Мальчик заскрежетал зубами и погрозил нам палкой. Мать моя молча стояла в стороне, наконец она не выдержала:
— Негодный лгунишка! Говорит, точно большой, не правда ли? Еще теленок, а ревет, как бык! Я научу его говорить иначе, мальчишка, злой прорицатель! — И, спустив Балеку на землю, она побежала к мальчику.
Чака стоял неподвижно, пока она не подошла совсем близко к нему; тогда он вдруг поднял палку и так сильно ударил ее по голове, что она тут же упала. Он захохотал, повернулся и ушел в сопровождении своей матери.
Это были первые слова Чаки, слышанные мною, отец мой. Они оказались пророческими и оправдались. Последние слова, слышанные мною, тоже были пророческими и, я думаю, тоже оправдаются. Они, впрочем, и теперь уже исполнились. Во-первых, он сказал, что племя зулусов возвысится. И что же, разве это не так? Во-вторых, он предсказал, как оно падет, — и оно падет. Разве теперь белые люди уже не собираются вокруг него, вокруг Кетчвайо, подобно тому как коршуны собираются вокруг околевающего быка. Зулусы уже не те, что были прежде.

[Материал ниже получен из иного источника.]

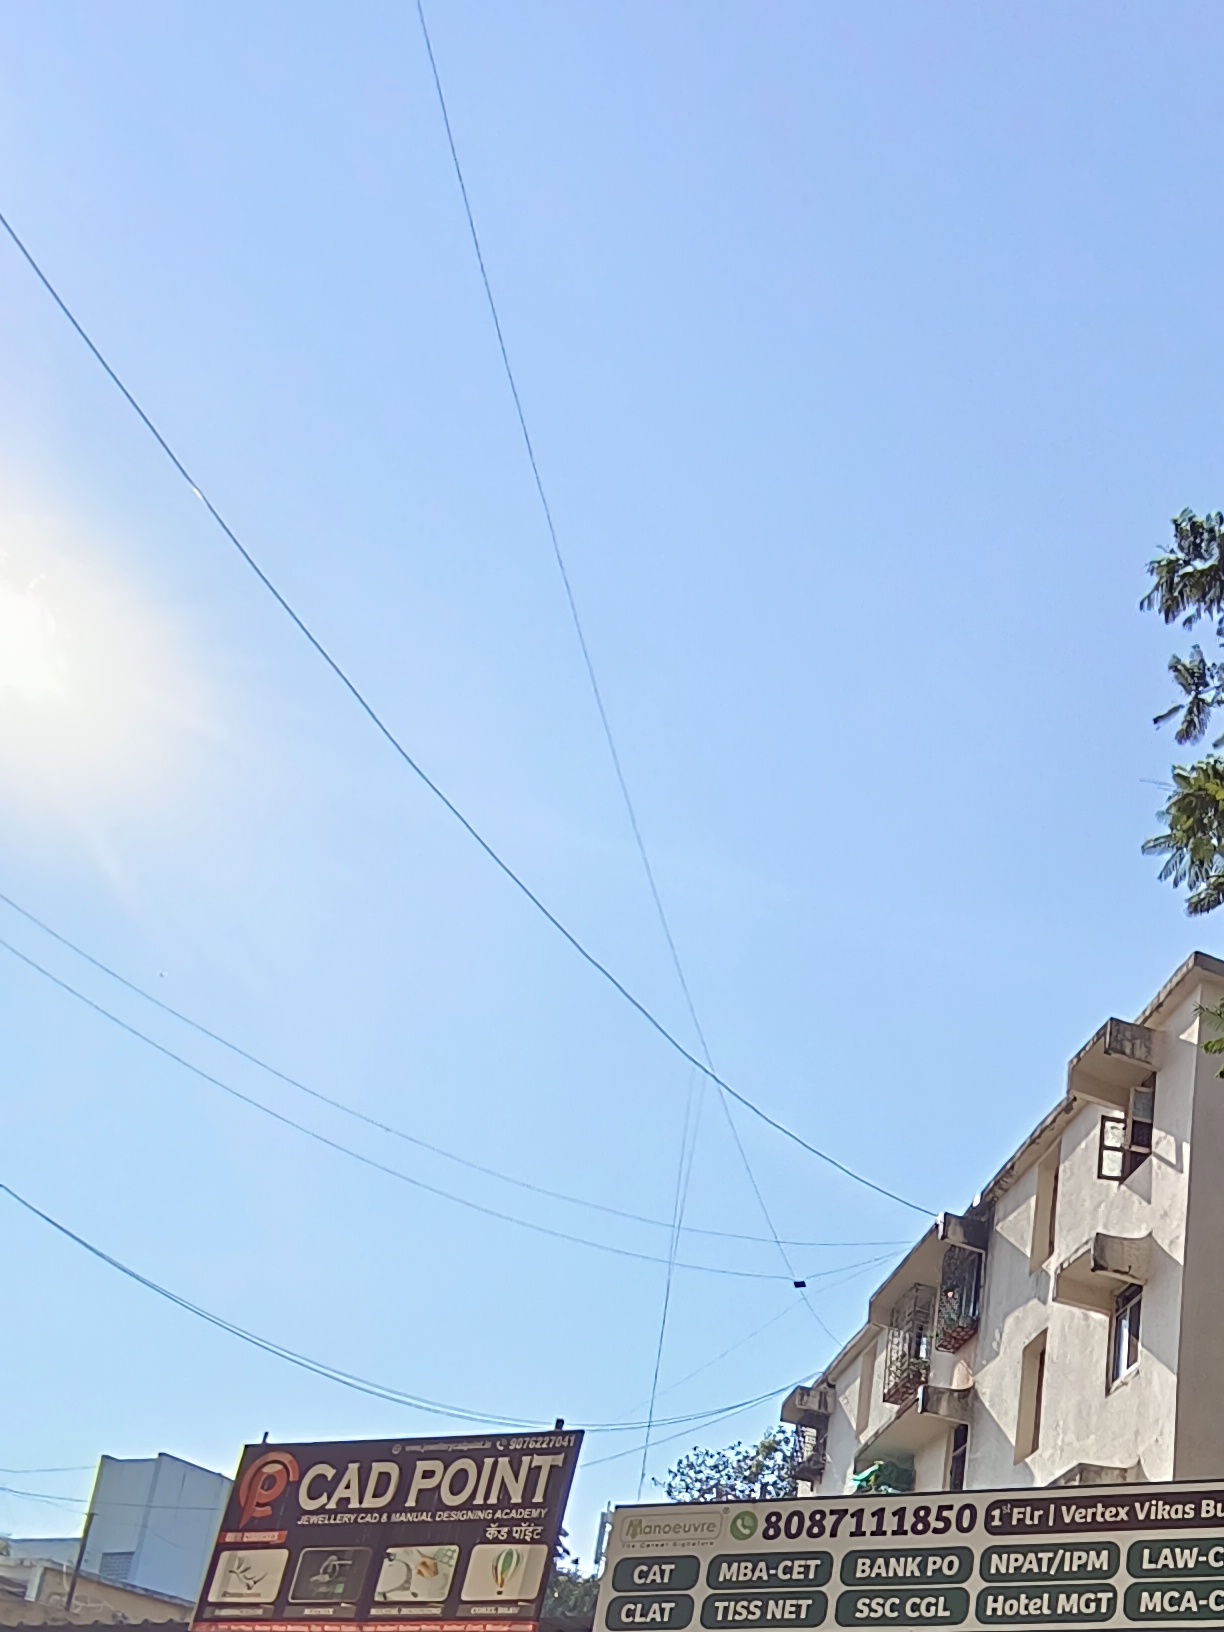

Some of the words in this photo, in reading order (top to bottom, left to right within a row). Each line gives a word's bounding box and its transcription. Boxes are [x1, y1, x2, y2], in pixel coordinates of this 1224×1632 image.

Да, да, слова его оправдаются, и голос мой — это голос племени, уже осужденного.
Но об этих других словах Чаки я скажу в свое время.
Я подошел к своей матери. Она приподнялась с земли и села, закрыв лицо руками. Кровь из раны, нанесенной палкой Чаки, текла по ее рукам и падала на грудь.
Долго сидела она так, ребенок плакал, корова мычала, как бы прося подоить ее, а я все вытирал кровь, сочившуюся из раны, пучками сорванной травы. Наконец она отняла руки от лица и заговорила со мной.
— Мбопа, сын мой, мне снился сон. Я видела мальчика Чаку, ударившего меня, он вырос и стал великаном. Он гордо выступал по долинам и горам, глаза его сверкали, как молнии, и в руках он держал ассегай, обагренный кровью. Вот он захватывает одно племя за другим, он топчет ногами их краали. Перед ним все зелено, как летом, позади все черно, как будто огонь сжег траву. Я видела и наше племя, Мбопа. Оно было многочисленно и здорово, мужчины храбры, девушки красивы, детей я считала сотнями. Я видела его еще раз, Мбопа, — от него остались лишь кости, белые кости, тысячи костей, наваленных в кучу в каменистом овраге, а он, Чака, стоит над этими костями и хохочет так, что земля трясется. После этого, Мбопа, в этом видении я увидела тебя взрослым человеком. Ты один из всего нашего племени остался в живых. Ты ползал за великаном Чакой, а за тобой шли другие, великие мужи царственной осанки. Ты ударил его небольшим копьем, он упал и снова сделался маленьким. Он упал и проклял тебя! Но ты крикнул ему в ухо одно имя — имя Балеки, твоей сестры, и он испустил дух. Пойдем домой, Мбопа, пойдем домой, темнеет!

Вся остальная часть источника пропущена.